Understanding the Law
October 11, 2013

The jury system – is it working? – Part 2

There are both inherent weaknesses and strengths in our jury system as pointed out in the last article. Some of the challengers of the system point to the lack of training of the jury. At present, the jurors summoned for the assizes are given a brief orientation about their duties. This is the only instruction that they receive with regard to their duties. Although improvement in this area could be helpful, it must be remembered that the jury deals with the facts, not the law, so significant training in law is not necessary.{{more}}

The law describes the persons who are eligible for jury duty. On that basis, the system comes up with persons who deal with factual reality of life and make reasonable decisions on a daily basis. The law is not opposed to the ordinary, reasonable prudent person, which is the standard used in many instances elsewhere in the law. It is true that the judge is trained in the law and rightly so, because it is the sphere of his influence. The judge sits throughout the trial and shares duty with the jury. One actually complements the other. One listens to the facts, the other makes sure that the evidence is properly presented according to law. The jury does not have to be trained in order to understand facts.

These are no stated reasons as to why a panel of twelve jurors is necessary in a murder case, but this appears to be an instance when safety in numbers counts. The founding fathers could have introduced it because it concerns matters of life and death and involves a decision by one’s peers. The number of jurors adds some credibility, because in a murder trial, the verdict must be unanimous. The evidence has to be convincing to have twelve persons as opposed to one person, the judge, agreeing to the verdict. Where one person disagrees, there is a hung jury and there must be a retrial. To have a single judge adjudicating on the facts and the law puts him under tremendous pressure. This is the situation in civil courts, but these are not issues of life and death.

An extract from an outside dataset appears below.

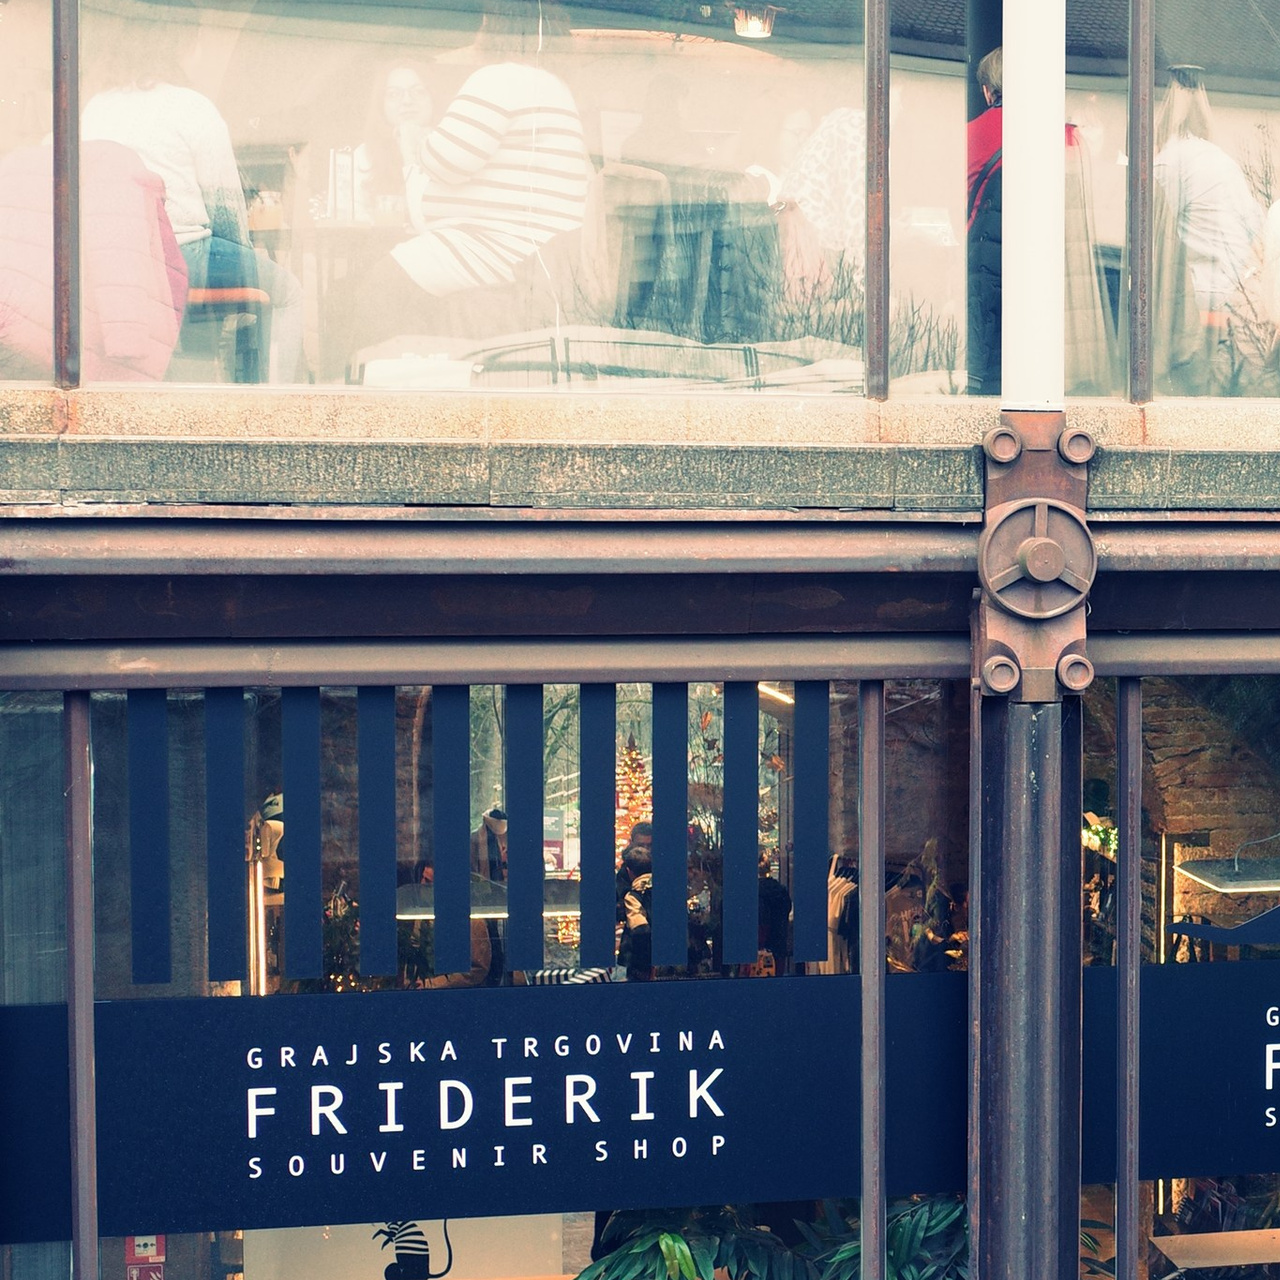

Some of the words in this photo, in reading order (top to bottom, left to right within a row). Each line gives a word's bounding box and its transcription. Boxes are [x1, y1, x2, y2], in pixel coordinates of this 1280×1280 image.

There is, however, what one can consider to be threats to the jury in that strong-willed, dominant persons could unreasonably sway weaker persons to their way of thinking in the confines of the jury room. To avoid such an eventuality, jurors are informed during the orientation about this and are advised to report to the judge any undue influence inside or outside of the courthouse. One never knows how group dynamics operate in the jury room. Those of you who looked at two jurors in the Trayvon Martin case giving their had account on television of what had transpired in the jury room, saw a very strong juror and a somewhat weaker one. The juror who stood alone initially ended up agreeing with fellow jurors. She could have been genuinely influenced by the facts or by group dynamics. In SVG the public does not get to hear from jurors and the situation in the jury room is closed to all.

The fact that the jury has to deliberate in a closed room and does not have to give reasons for its decision, as do judges, opens the system to criticism. This goes against the transparency and accountability which we expect in decision-making in other spheres of life. Perhaps jurors should be required to give reasons for their decisions.

Ada Johnson is a solicitor and barrister-at-law.